When using pandas you can in certain cases pass names of functions as strings instead of actual references to those functions. For example: df.transform('round').
In the pandas docs they call these "string function names" but is there another (perhaps more technical) name for these kinds of strings?
Well, Pandas doesn't really want to do this, it's just that in some cases i.e. when using some functions like mean it's required to put the quotes, otherwise errors would be called.
With cases like round quotes wouldn't be actually needed, since they're already builtin functions. The "function names" are really just sort of a way to represent these function names so that they don't get mixed up with other functions.
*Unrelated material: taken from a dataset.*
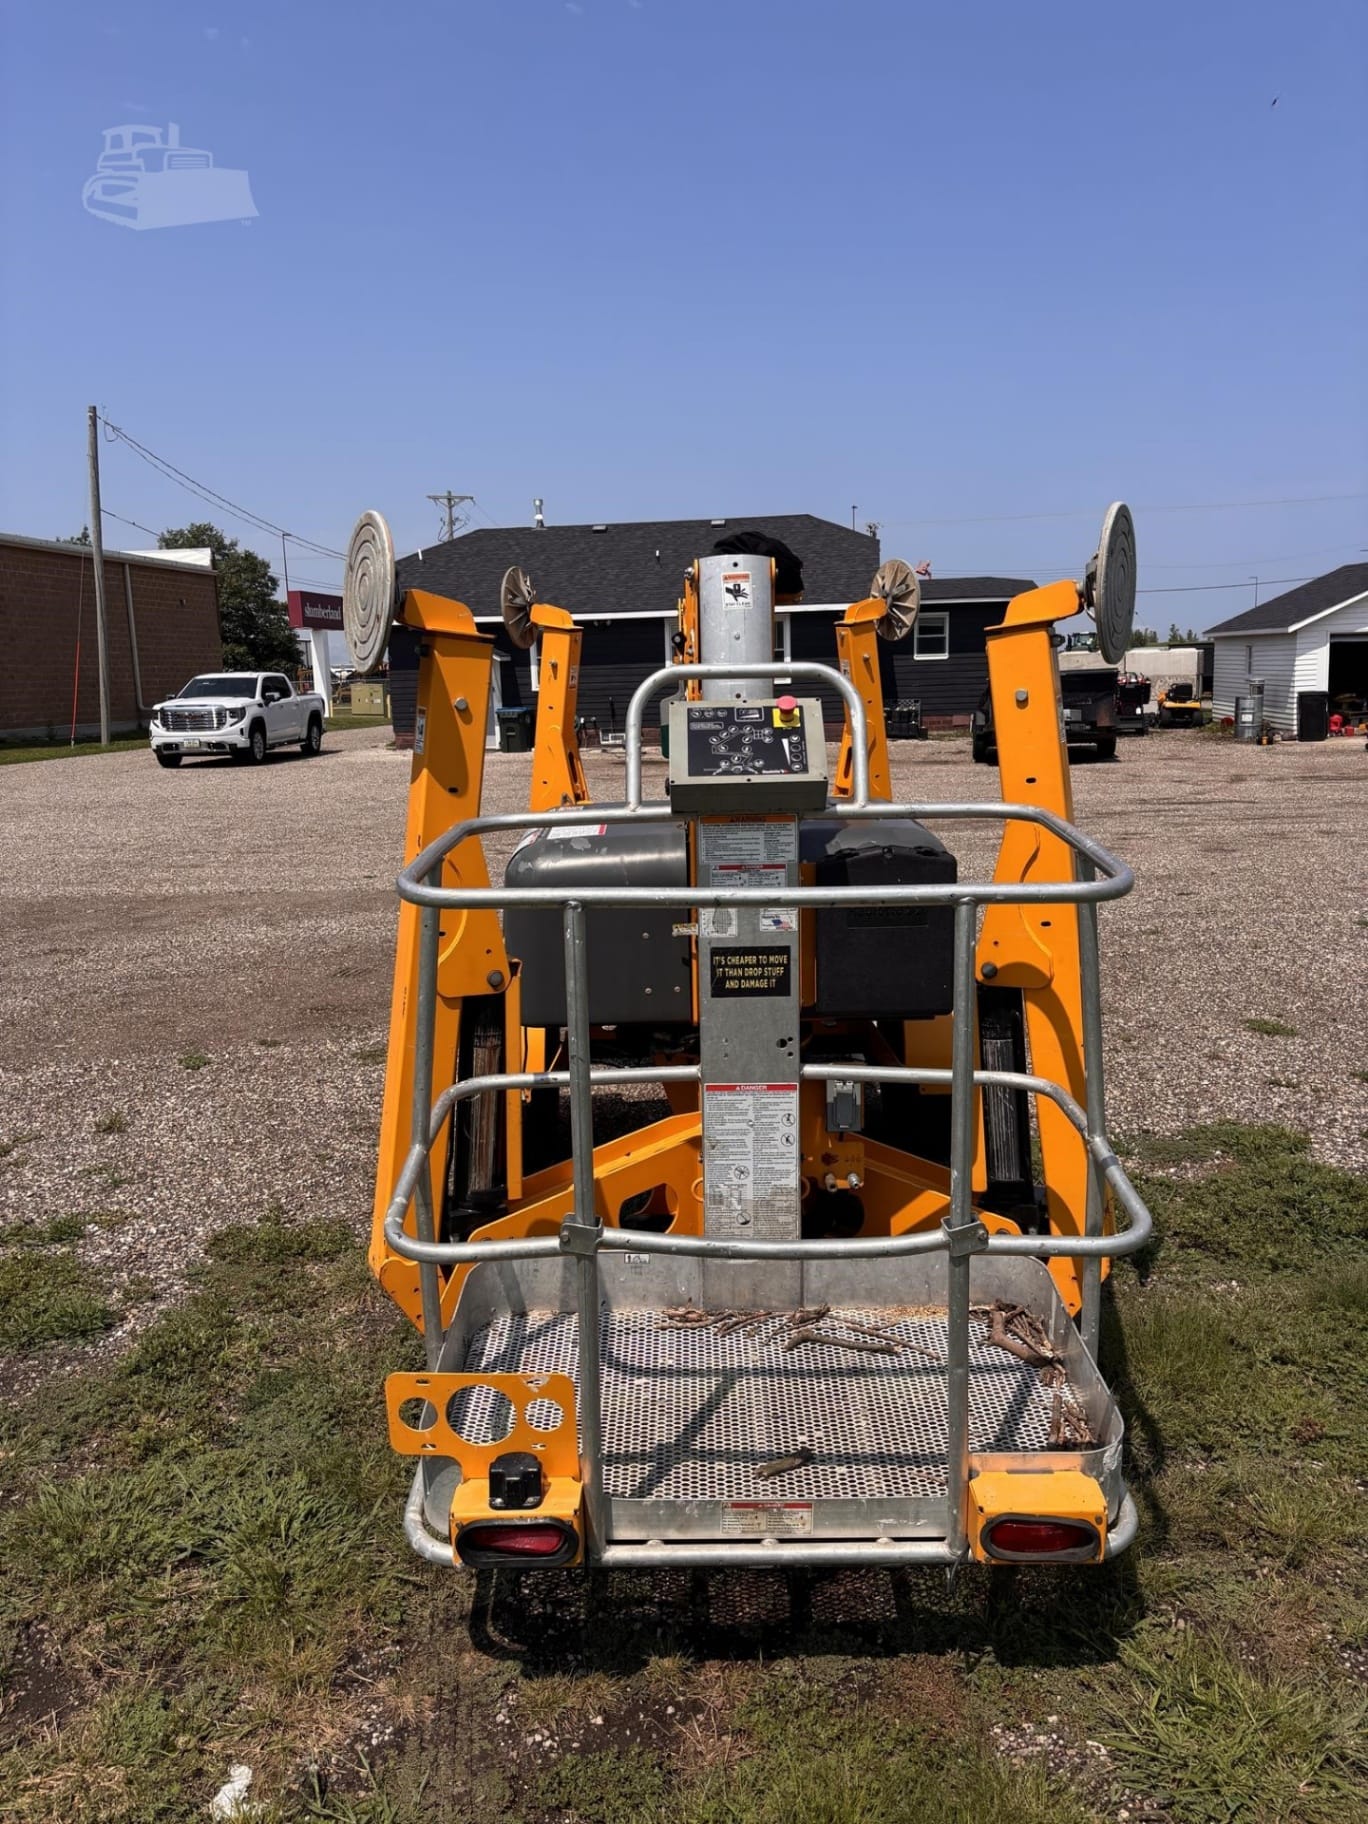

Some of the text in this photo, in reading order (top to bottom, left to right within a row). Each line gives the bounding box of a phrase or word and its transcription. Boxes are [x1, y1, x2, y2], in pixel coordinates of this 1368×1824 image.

[713, 955, 788, 965] IT'S CHEAPER TO MOVE
[716, 967, 784, 977] IT THAN DROP STUFF
[725, 979, 776, 989] AND DAMAGE IT
As mentioned in the documentation link you provided, they call it:
string function name
There is really no special turn IMO.
By passing an invalid string to the aggregate method (ex. df.agg('max2')) and following the Traceback I got to the following code (pandas version 1.1.4):
class SelectionMixin:
"""
mixin implementing the selection & aggregation interface on a group-like
object sub-classes need to define: obj, exclusions
"""
# < some lines deleted >
def _try_aggregate_string_function(self, arg: str, *args, **kwargs):
"""
if arg is a string, then try to operate on it:
- try to find a function (or attribute) on ourselves
- try to find a numpy function
- raise
"""
assert isinstance(arg, str)
f = getattr(self, arg, None)
if f is not None:
if callable(f):
return f(*args, **kwargs)
# people may try to aggregate on a non-callable attribute
# but don't let them think they can pass args to it
assert len(args) == 0
assert len([kwarg for kwarg in kwargs if kwarg not in ["axis"]]) == 0
return f
f = getattr(np, arg, None)
if f is not None:
if hasattr(self, "__array__"):
# in particular exclude Window
return f(self, *args, **kwargs)
raise AttributeError(
f"'{arg}' is not a valid function for '{type(self).__name__}' object"
)
It seems that we fall into this code whenever we pass a string function name to aggregate. If we were to look into the familiar pandas objects (Series, DataFrame, GroupBy) we would find that they inherit from SelectionMixin.
The string function names are looked up either in the pandas object itself (getattr(self, arg, None)) or in Numpy (getattr(np, arg, None)). So the string function names simply represent attributes of some object, either methods of a pandas object or functions defined in Numpy.
Related
I'm trying to highlight specific columns in my dataframe using guideline from this post, https://stackoverflow.com/a/41655055/5158984.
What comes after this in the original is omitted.